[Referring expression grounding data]

..........

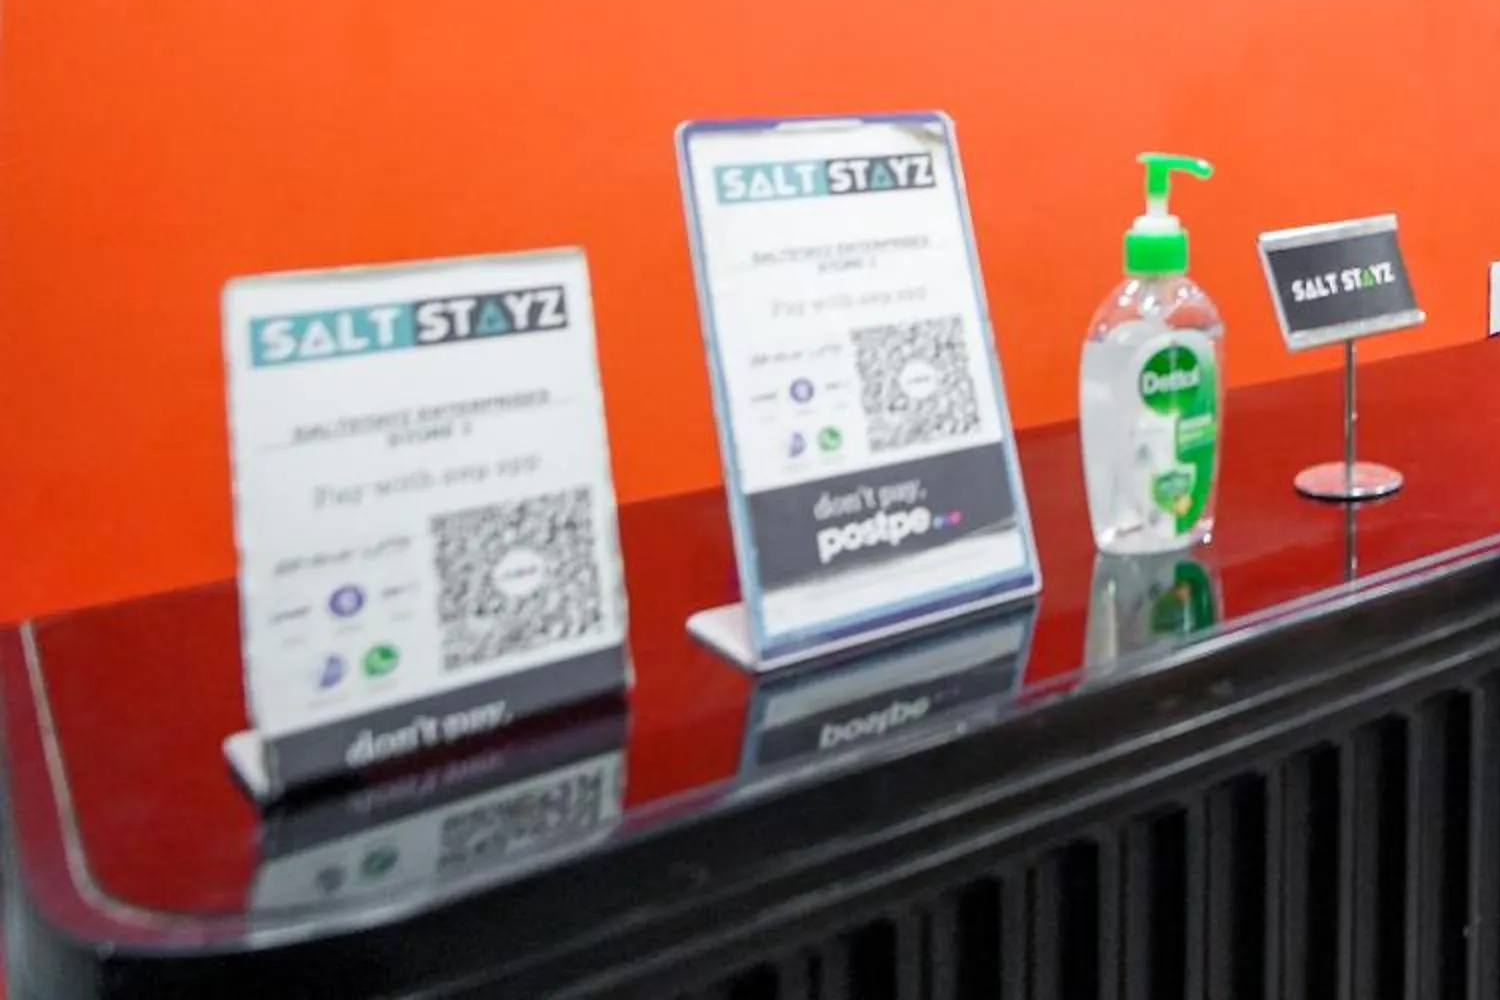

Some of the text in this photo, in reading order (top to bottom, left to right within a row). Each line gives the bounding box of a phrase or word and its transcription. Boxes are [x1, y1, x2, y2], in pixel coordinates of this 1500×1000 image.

[721, 155, 933, 199] SALT STAYZ
[1292, 262, 1396, 301] SALT STAYZ
[261, 289, 567, 361] SALT STAYZ
[814, 484, 877, 521] don't
[817, 506, 931, 564] postpe

..........

-- Problem to work on --
Copy out all the entries precisely. No images.

-- Written reply --
Some of the text in this photo, in reading order (top to bottom, left to right within a row). Each line gives the bounding box of a phrase or word and its transcription. Boxes are [x1, y1, x2, y2], in pixel coordinates of this 1500×1000 image.

[721, 155, 933, 199] SALT STAYZ
[1292, 262, 1396, 301] SALT STAYZ
[261, 289, 567, 361] SALT STAYZ
[814, 484, 877, 521] don't
[817, 506, 931, 564] postpe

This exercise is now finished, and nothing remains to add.